--- Exercise objective ---
Even the shortest line counts, so transcribe all the data exactly.

--- Data under study ---
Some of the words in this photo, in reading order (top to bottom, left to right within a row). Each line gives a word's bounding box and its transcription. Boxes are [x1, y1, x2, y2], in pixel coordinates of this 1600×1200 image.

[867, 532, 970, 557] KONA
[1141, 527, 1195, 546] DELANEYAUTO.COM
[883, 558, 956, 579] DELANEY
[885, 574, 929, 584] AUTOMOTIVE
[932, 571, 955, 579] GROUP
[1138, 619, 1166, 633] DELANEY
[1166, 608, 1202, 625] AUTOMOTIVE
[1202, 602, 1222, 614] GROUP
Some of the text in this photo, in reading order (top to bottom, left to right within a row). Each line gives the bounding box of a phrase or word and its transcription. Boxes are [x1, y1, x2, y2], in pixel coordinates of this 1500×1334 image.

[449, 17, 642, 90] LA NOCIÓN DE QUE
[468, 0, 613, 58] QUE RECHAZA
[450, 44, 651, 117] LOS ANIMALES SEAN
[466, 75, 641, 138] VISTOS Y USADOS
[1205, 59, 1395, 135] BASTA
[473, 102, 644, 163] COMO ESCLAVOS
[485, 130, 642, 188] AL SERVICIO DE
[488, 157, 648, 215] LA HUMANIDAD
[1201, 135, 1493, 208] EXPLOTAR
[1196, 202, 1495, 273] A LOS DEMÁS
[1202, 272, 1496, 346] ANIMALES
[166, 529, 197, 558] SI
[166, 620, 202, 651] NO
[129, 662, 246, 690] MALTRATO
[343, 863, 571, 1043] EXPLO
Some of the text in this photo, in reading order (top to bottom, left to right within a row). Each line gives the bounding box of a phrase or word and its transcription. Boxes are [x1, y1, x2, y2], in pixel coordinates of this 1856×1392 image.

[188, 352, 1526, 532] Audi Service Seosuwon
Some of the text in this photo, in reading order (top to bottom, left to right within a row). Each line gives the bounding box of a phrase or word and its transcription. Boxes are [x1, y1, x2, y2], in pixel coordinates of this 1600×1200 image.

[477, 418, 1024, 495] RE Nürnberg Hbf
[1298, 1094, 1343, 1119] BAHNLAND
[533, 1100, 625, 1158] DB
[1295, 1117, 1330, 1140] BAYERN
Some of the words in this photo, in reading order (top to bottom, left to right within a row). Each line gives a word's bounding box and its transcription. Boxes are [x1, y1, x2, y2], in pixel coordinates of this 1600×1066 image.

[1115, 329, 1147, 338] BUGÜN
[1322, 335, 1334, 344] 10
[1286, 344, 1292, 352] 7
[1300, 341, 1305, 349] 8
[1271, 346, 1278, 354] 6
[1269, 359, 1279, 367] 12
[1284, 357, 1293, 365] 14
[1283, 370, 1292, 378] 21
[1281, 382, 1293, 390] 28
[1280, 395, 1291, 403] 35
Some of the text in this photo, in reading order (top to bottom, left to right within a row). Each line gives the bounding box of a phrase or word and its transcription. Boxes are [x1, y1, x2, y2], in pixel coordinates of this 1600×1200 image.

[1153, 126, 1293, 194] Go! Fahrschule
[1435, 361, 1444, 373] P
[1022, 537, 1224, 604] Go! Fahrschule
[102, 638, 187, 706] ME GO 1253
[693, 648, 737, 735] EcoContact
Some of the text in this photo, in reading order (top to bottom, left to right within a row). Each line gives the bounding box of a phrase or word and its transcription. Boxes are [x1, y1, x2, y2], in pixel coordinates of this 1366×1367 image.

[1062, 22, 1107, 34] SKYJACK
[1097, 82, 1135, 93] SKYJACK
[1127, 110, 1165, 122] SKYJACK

--- Response to the task ---
Some of the words in this photo, in reading order (top to bottom, left to right within a row). Each line gives a word's bounding box and its transcription. Boxes are [x1, y1, x2, y2], in pixel coordinates of this 1600×1200 image.

[867, 532, 970, 557] KONA
[1141, 527, 1195, 546] DELANEYAUTO.COM
[883, 558, 956, 579] DELANEY
[885, 574, 929, 584] AUTOMOTIVE
[932, 571, 955, 579] GROUP
[1138, 619, 1166, 633] DELANEY
[1166, 608, 1202, 625] AUTOMOTIVE
[1202, 602, 1222, 614] GROUP
Some of the text in this photo, in reading order (top to bottom, left to right within a row). Each line gives the bounding box of a phrase or word and its transcription. Boxes are [x1, y1, x2, y2], in pixel coordinates of this 1500×1334 image.

[449, 17, 642, 90] LA NOCIÓN DE QUE
[468, 0, 613, 58] QUE RECHAZA
[450, 44, 651, 117] LOS ANIMALES SEAN
[466, 75, 641, 138] VISTOS Y USADOS
[1205, 59, 1395, 135] BASTA
[473, 102, 644, 163] COMO ESCLAVOS
[485, 130, 642, 188] AL SERVICIO DE
[488, 157, 648, 215] LA HUMANIDAD
[1201, 135, 1493, 208] EXPLOTAR
[1196, 202, 1495, 273] A LOS DEMÁS
[1202, 272, 1496, 346] ANIMALES
[166, 529, 197, 558] SI
[166, 620, 202, 651] NO
[129, 662, 246, 690] MALTRATO
[343, 863, 571, 1043] EXPLO
Some of the text in this photo, in reading order (top to bottom, left to right within a row). Each line gives the bounding box of a phrase or word and its transcription. Boxes are [x1, y1, x2, y2], in pixel coordinates of this 1856×1392 image.

[188, 352, 1526, 532] Audi Service Seosuwon
Some of the text in this photo, in reading order (top to bottom, left to right within a row). Each line gives the bounding box of a phrase or word and its transcription. Boxes are [x1, y1, x2, y2], in pixel coordinates of this 1600×1200 image.

[477, 418, 1024, 495] RE Nürnberg Hbf
[1298, 1094, 1343, 1119] BAHNLAND
[533, 1100, 625, 1158] DB
[1295, 1117, 1330, 1140] BAYERN
Some of the words in this photo, in reading order (top to bottom, left to right within a row). Each line gives a word's bounding box and its transcription. Boxes are [x1, y1, x2, y2], in pixel coordinates of this 1600×1066 image.

[1115, 329, 1147, 338] BUGÜN
[1322, 335, 1334, 344] 10
[1286, 344, 1292, 352] 7
[1300, 341, 1305, 349] 8
[1271, 346, 1278, 354] 6
[1269, 359, 1279, 367] 12
[1284, 357, 1293, 365] 14
[1283, 370, 1292, 378] 21
[1281, 382, 1293, 390] 28
[1280, 395, 1291, 403] 35
Some of the text in this photo, in reading order (top to bottom, left to right within a row). Each line gives the bounding box of a phrase or word and its transcription. Boxes are [x1, y1, x2, y2], in pixel coordinates of this 1600×1200 image.

[1153, 126, 1293, 194] Go! Fahrschule
[1435, 361, 1444, 373] P
[1022, 537, 1224, 604] Go! Fahrschule
[102, 638, 187, 706] ME GO 1253
[693, 648, 737, 735] EcoContact
Some of the text in this photo, in reading order (top to bottom, left to right within a row). Each line gives the bounding box of a phrase or word and its transcription. Boxes are [x1, y1, x2, y2], in pixel coordinates of this 1366×1367 image.

[1062, 22, 1107, 34] SKYJACK
[1097, 82, 1135, 93] SKYJACK
[1127, 110, 1165, 122] SKYJACK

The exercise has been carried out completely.